Records to use:
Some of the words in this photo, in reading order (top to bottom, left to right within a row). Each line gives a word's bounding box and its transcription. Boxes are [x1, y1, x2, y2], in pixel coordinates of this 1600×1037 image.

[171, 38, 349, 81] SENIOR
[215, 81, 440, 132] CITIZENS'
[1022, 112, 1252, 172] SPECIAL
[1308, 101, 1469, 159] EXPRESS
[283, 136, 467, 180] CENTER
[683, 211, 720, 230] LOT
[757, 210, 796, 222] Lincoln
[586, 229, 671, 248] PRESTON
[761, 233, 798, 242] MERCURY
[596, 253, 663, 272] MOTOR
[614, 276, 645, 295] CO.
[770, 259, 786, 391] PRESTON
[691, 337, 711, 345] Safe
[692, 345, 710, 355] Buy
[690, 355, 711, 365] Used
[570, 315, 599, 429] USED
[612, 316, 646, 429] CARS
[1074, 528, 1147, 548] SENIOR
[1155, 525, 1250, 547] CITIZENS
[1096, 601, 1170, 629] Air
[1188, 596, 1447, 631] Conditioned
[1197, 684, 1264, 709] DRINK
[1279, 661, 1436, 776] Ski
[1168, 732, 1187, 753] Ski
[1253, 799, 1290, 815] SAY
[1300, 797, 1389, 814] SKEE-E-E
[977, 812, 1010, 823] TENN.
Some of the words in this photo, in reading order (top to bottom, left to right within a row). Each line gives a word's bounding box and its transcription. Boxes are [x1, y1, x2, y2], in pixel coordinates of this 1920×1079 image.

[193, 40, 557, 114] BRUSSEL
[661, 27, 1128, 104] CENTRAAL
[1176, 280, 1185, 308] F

Exercise instructions: Transcribe every record above exactly.

Response below:
Some of the words in this photo, in reading order (top to bottom, left to right within a row). Each line gives a word's bounding box and its transcription. Boxes are [x1, y1, x2, y2], in pixel coordinates of this 1600×1037 image.

[171, 38, 349, 81] SENIOR
[215, 81, 440, 132] CITIZENS'
[1022, 112, 1252, 172] SPECIAL
[1308, 101, 1469, 159] EXPRESS
[283, 136, 467, 180] CENTER
[683, 211, 720, 230] LOT
[757, 210, 796, 222] Lincoln
[586, 229, 671, 248] PRESTON
[761, 233, 798, 242] MERCURY
[596, 253, 663, 272] MOTOR
[614, 276, 645, 295] CO.
[770, 259, 786, 391] PRESTON
[691, 337, 711, 345] Safe
[692, 345, 710, 355] Buy
[690, 355, 711, 365] Used
[570, 315, 599, 429] USED
[612, 316, 646, 429] CARS
[1074, 528, 1147, 548] SENIOR
[1155, 525, 1250, 547] CITIZENS
[1096, 601, 1170, 629] Air
[1188, 596, 1447, 631] Conditioned
[1197, 684, 1264, 709] DRINK
[1279, 661, 1436, 776] Ski
[1168, 732, 1187, 753] Ski
[1253, 799, 1290, 815] SAY
[1300, 797, 1389, 814] SKEE-E-E
[977, 812, 1010, 823] TENN.
Some of the words in this photo, in reading order (top to bottom, left to right within a row). Each line gives a word's bounding box and its transcription. Boxes are [x1, y1, x2, y2], in pixel coordinates of this 1920×1079 image.

[193, 40, 557, 114] BRUSSEL
[661, 27, 1128, 104] CENTRAAL
[1176, 280, 1185, 308] F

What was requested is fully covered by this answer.